# [WORK INSTRUCTIONS]
Wherever the word "These" shows up in the data, report the line it sits in.

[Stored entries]
○ ○ ○ ○ ○

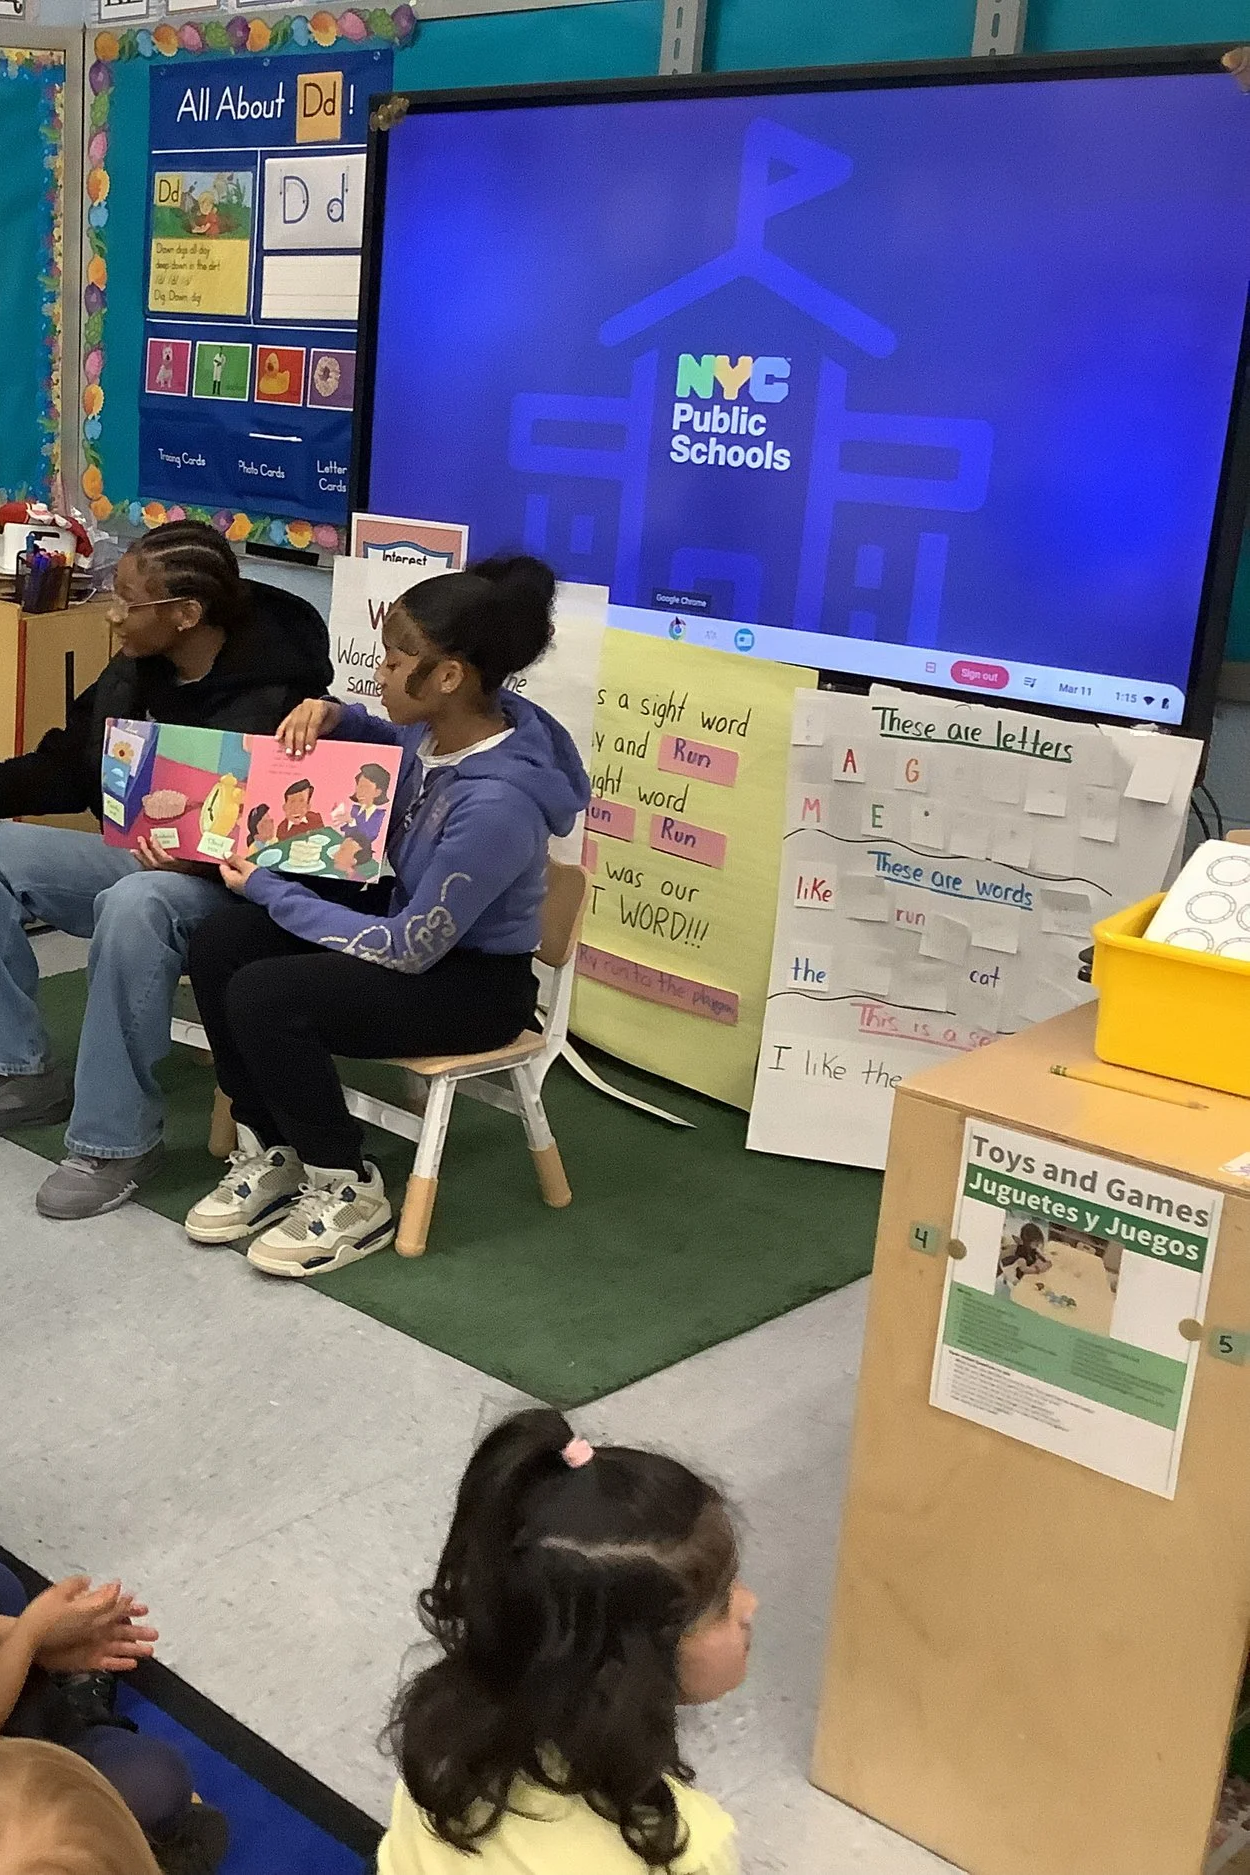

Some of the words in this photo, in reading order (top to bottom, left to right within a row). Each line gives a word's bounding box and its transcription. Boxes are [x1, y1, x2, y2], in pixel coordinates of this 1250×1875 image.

[176, 87, 210, 122] All
[215, 82, 285, 121] About
[303, 81, 337, 118] Dd
[158, 178, 180, 203] Dd
[282, 175, 310, 224] D
[326, 172, 345, 223] d
[676, 353, 791, 403] NYC
[672, 402, 767, 436] Public
[158, 448, 181, 468] Tracing
[181, 452, 206, 467] Cards
[238, 460, 258, 475] Photo
[260, 464, 285, 479] Cards
[316, 460, 347, 475] Letter
[670, 434, 791, 471] Schools
[318, 478, 347, 493] Cards
[382, 549, 428, 566] Interest
[656, 593, 680, 605] Google
[680, 596, 707, 608] Chrome
[337, 635, 381, 670] Words
[348, 675, 382, 695] same
[960, 667, 981, 681] Sign
[982, 672, 999, 682] out
[1058, 682, 1078, 694] Mar
[1080, 685, 1092, 696] 11
[1115, 691, 1137, 703] 1:15
[618, 693, 629, 710] a
[640, 691, 688, 728] sight
[701, 708, 751, 738] word
[592, 731, 605, 752] y
[614, 730, 650, 759] and
[673, 738, 711, 769] Run
[871, 706, 936, 739] These
[947, 722, 983, 742] are
[996, 720, 1074, 761] letters
[842, 748, 857, 774] A
[905, 757, 919, 783] G
[638, 784, 689, 813] word
[801, 797, 821, 822] M
[871, 804, 884, 829] E
[586, 806, 611, 823] un
[661, 818, 697, 848] Run
[606, 860, 644, 888] was
[661, 877, 700, 904] our
[868, 851, 923, 883] These
[930, 870, 963, 891] are
[976, 877, 1034, 907] words
[796, 876, 833, 903] like
[895, 908, 926, 927] run
[620, 893, 710, 949] WORD!!!
[657, 971, 686, 997] the
[791, 956, 827, 984] the
[969, 966, 1000, 989] cat
[850, 1002, 898, 1032] This
[913, 1023, 930, 1037] is
[943, 1029, 956, 1042] a
[768, 1045, 792, 1070] I
[805, 1050, 847, 1080] like
[862, 1059, 903, 1088] the
[972, 1135, 1036, 1175] Toys
[1043, 1159, 1098, 1194] and
[1107, 1177, 1210, 1228] Games
[968, 1171, 1078, 1223] Juguetes
[1082, 1212, 1100, 1233] y
[1105, 1216, 1200, 1261] Juegos
[914, 1227, 929, 1249] 4
[1219, 1334, 1234, 1355] 5

○ ○ ○ ○ ○

# [WRITTEN RESPONSE]
[871, 706, 936, 739] These
[868, 851, 923, 883] These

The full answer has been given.